2-Oxoadipat-Dehydrogenase-Komplex
Der 2-Oxoadipat-Dehydrogenase-Komplex (OADHC, OADHc) oder auch α-Ketoadipat-Dehydrogenase-Komplex ist ein mitochondrialer Multienzymkomplex, der vor allem für seine Rolle beim Abbau von Lysin, Tryptophan und Hydroxylysin bekannt ist. Er gehört zur Familie der 2-Oxosäure-Dehydrogenase-Komplexe.
Reaktion
Die enzymatische Aktivität des 2-Oxoadipat-Dehydrogenase-Komplexes lässt sich durch die folgende Reaktion darstellen:[1]
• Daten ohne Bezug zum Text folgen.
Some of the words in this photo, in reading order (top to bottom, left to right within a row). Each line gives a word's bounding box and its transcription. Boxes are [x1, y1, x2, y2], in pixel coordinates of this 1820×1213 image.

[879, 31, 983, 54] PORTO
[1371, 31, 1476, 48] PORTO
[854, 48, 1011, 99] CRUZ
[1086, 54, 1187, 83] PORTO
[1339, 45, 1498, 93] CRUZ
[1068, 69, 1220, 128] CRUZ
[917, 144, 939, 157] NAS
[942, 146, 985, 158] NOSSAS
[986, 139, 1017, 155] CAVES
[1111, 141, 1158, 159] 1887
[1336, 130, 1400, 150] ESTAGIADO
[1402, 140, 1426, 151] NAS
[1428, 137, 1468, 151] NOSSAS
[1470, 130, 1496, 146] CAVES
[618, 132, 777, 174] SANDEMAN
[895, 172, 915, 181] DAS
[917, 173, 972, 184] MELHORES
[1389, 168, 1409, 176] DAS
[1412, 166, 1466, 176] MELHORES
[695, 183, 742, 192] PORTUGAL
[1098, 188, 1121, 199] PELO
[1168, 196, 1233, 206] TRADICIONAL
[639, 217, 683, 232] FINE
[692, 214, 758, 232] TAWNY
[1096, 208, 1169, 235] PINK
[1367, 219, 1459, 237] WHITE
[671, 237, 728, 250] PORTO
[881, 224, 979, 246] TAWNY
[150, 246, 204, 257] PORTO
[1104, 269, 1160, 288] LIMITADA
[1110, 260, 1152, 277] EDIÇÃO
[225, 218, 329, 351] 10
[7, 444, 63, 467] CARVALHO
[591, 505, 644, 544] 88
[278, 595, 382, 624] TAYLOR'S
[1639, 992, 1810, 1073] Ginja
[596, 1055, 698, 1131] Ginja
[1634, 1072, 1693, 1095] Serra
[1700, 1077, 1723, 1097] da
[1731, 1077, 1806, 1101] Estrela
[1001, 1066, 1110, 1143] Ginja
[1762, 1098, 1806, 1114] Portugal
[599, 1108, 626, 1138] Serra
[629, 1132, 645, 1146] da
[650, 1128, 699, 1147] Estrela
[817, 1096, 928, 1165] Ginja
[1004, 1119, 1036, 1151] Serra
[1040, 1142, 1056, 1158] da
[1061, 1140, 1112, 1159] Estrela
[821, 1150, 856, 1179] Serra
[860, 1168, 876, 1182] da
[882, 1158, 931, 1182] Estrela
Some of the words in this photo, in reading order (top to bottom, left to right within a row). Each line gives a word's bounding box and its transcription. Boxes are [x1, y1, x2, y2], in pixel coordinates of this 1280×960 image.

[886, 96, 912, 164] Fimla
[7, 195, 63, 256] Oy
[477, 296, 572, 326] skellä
Der OADHC kann auch 2-Oxopimelat, ein nicht-natives Substrat, umsetzen, jedoch mehr als 100-mal weniger effizient als sein natürliches Substrat 2-Oxoadipat.[2]
Komponenten
Der OADHC besteht aus drei verschiedenen enzymatischen Komponenten:
| Komponente | EC-Nummer | Name | Gen | Cofaktor |
|---|---|---|---|---|
| E1a | 2-Oxoadipat-Dehydrogenase | DHTKD1 | Thiaminpyrophosphat (TPP) | |
| E2o | EC 2.3.1.61 | Dihydrolipoyl-Succinyltransferase | DLST | Liponsäure, CoA |
| E3 | EC 1.8.1.4 | Dihydrolipoyl-Dehydrogenase | DLD | FAD, NAD |
E1a ist das E1-Enzym, das spezifisch für 2-Oxoadipat („a“) ist, während E2o die E2-Untereinheit darstellt, die von einigen 2-Oxosäure-Komplexen („o“) gemeinsam genutzt wird, wie zum Beispiel dem OADHC und dem 2-Oxoglutarat-Dehydrogenase-Komplex (OGDC), jedoch nicht von anderen wie dem Pyruvat-Dehydrogenase-Komplex (PDHC) oder dem verzweigtkettigen α-Ketosäure-Dehydrogenase-Komplex (BCKDC).[3]
Funktion
Glutarylierung mitochondrialer Proteine
Der OADHC katalysiert die oxidative Decarboxylierung von 2-Oxoadipat zu Glutaryl-CoA im Abbauweg von Lysin und Tryptophan.[4] Glutaryl-CoA kann als Acylgruppen-Donor für die Lysinglutarylierung wirken, eine nicht-enzymatische posttranslationale Modifikation.[4] Es hat sich gezeigt, dass selbst OADHC einer Autoglutarylierung unterliegt, was seine Aktivität hemmen und eine Rückkopplungsregulation ermöglichen könnte.[5] Das mitochondriale Sirtuin SIRT5 kann Glutarylgruppen in einem NAD+-abhängigen Mechanismus entfernen.[4]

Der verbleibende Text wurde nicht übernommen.